Statement from the Global South Primates and GAFCON Primates Council Concerning Same-sex Unions

6. We affirm that the clear teaching of Jesus, and the Bible as a whole, is that marriage is an estate for all people, not just for believers. It is a holy institution, created by God for a man and a woman to live in a covenantal relationship of exclusive and mutual love for each other until they are parted by death. God designed marriage for the well-being of society, for sexual intimacy between a husband and a wife, and for procreation and the nurturing of children (Genesis 2:18-25).
7. We contend that sexual intercourse between two persons of the same sex is contrary to God’s design, is offensive to him and reflects a disordering of God’s purposes for complementarity in sexual relations. Like all other morally wrong behaviour, same-sex unions alienate us from God and are liable to incur God’s judgment. We hold these convictions based on the clear teaching of Scripture. We hold them not in order to demean or victimise those who experience same-sex attractions, but in order to guard the sound doctrine of our faith, which also informs our pastoral approach for helping those who struggle with same-sex impulses, attractions and temptations.
8. In this respect, the Church cannot condone same-sex unions as a form of behaviour acceptable to God.

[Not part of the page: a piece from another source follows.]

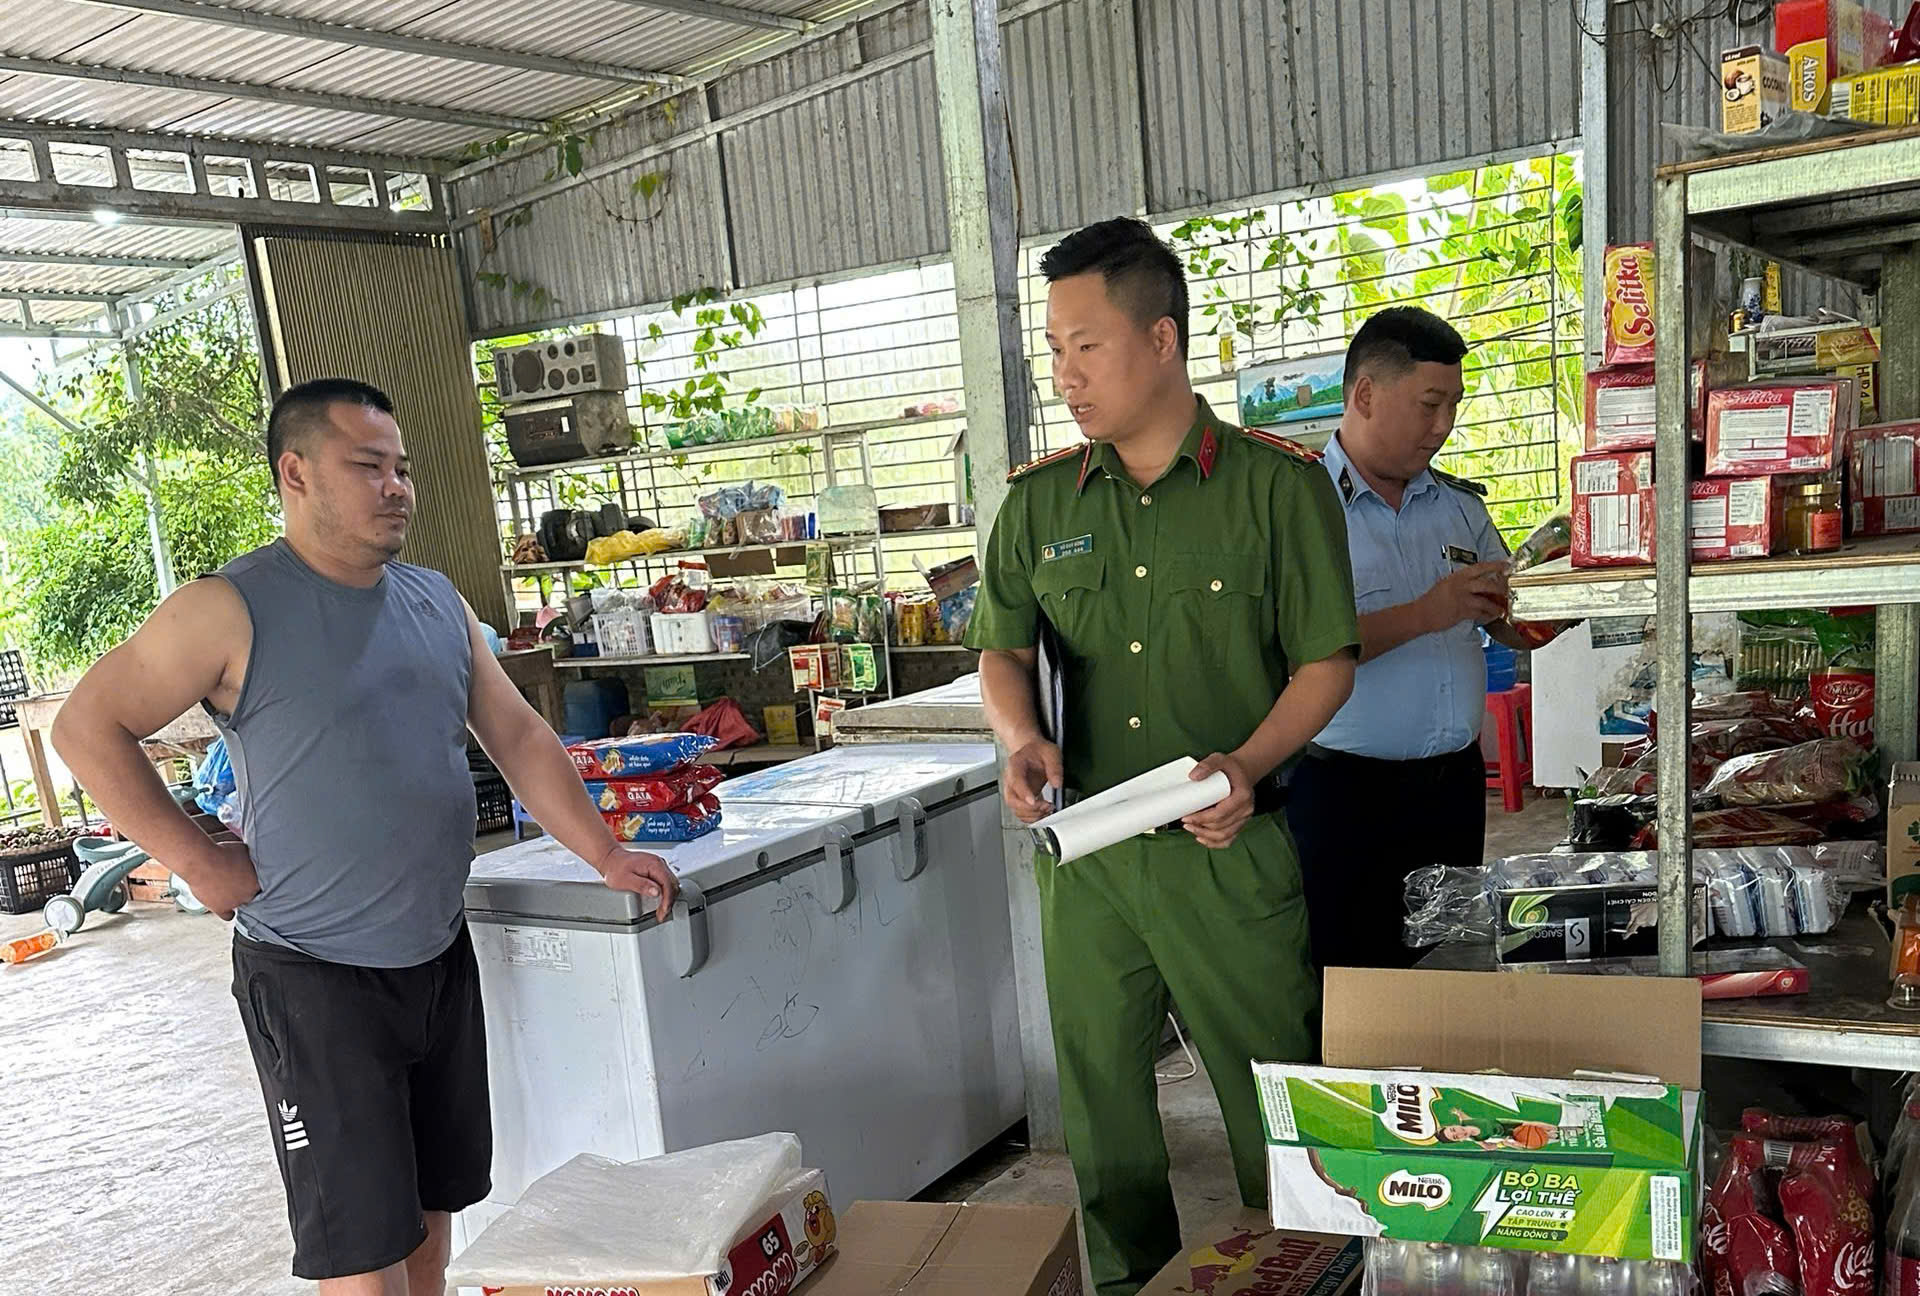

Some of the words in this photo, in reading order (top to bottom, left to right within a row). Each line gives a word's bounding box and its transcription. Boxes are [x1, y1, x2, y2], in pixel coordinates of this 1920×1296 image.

To do so would be tampering with the foundation of our faith once for all laid down by the apostles and the prophets, with Christ Jesus himself as the chief cornerstone (Ephesians 2: 20-22; 1 Corinthians 3:10-11; Jude 3).
9. Any pastoral provision by a church for a same-sex couple (such as a liturgy or a service to bless their sexual union) that obviates the need for repentance and a commitment to pursue a change of conduct enabled by the power of the Holy Spirit, would contravene the orthodox and historic teaching of the Anglican Communion on marriage and sexuality.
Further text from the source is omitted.